I'm trying to figure out the right way to handle permissions in a single page app that talks directly to several RESTful APIs, that implement HATEOAS.
As an example:
"As a user of my application I can view, start and pause jobs but not stop them."
The underlying rest API has the following resource:
/jobs/{id} Which accepts GET and PUT. The GET returns a job model and the PUT accepts a job model as a request body in the form:
{
"_links" : {
"self" : "/jobs/12345678"
}
"id" : 12345678,
"description" : "foo job",
"state" : "STOPPED"
}
Accepted job states can be: dormant | running | paused | stopped.
The requirement says that on the UI I must have the buttons:
START, PAUSE, STOP
... and only display based on the logged in user's permissions.
From the API perspective everything works as the underlying logic on the server makes sure that the user cannot update the state to a STOPPED state when a request is made (a 401 is returned maybe).
What is the best way to inform the app / UI of the user's permissions, so it can hide any buttons that the user has no permission to action?

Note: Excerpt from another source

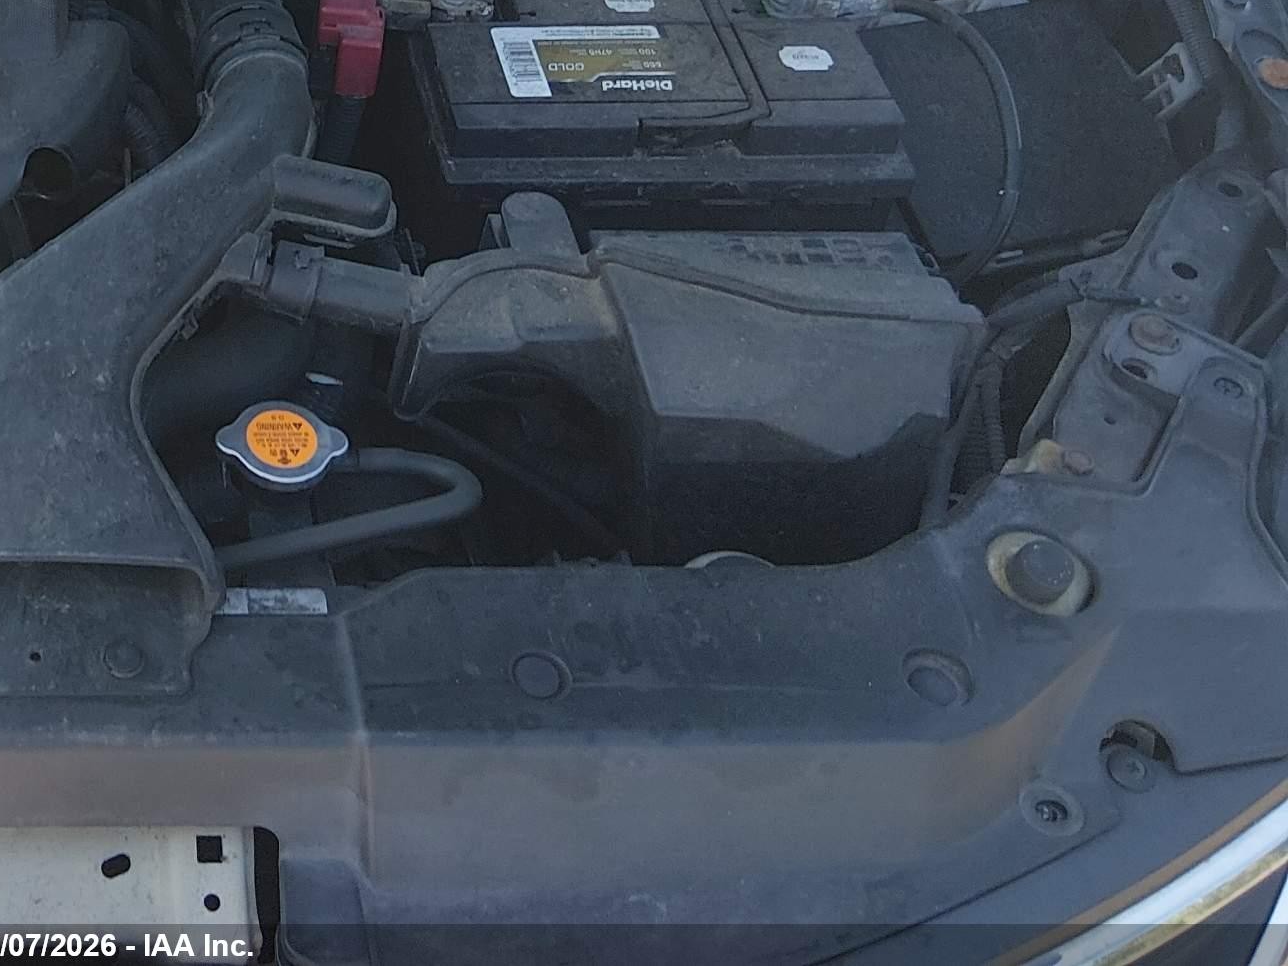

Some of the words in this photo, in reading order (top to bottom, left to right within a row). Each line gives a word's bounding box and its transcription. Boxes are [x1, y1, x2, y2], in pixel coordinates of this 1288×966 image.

[547, 62, 585, 72] GOLD
[601, 79, 673, 91] DieHard
[255, 421, 292, 431] WARNING

Should the API provide a list of permissions, maybe something like :
{
"_links" : {
"self" : "/permissions",
"jobs" : "/jobs"
}
"permissions" : {
"job" : ["UPDATE", "DELETE"],
"job-updates" : ["START", "PAUSE"]
}
}
OR should the API change so that the permissions are reflected in the HATEOS links maybe something like :
{
"_links" : {
"self" : "/jobs/12345678",
"start" : "/jobs/12345678/state?to=RUNNING",
"pause" : "/jobs/12345678/state?to=PAUSED",
}
"id" : 12345678,
"description" : "foo job",
"state" : "DORMANT"
}
Or should it be done in a completely different way?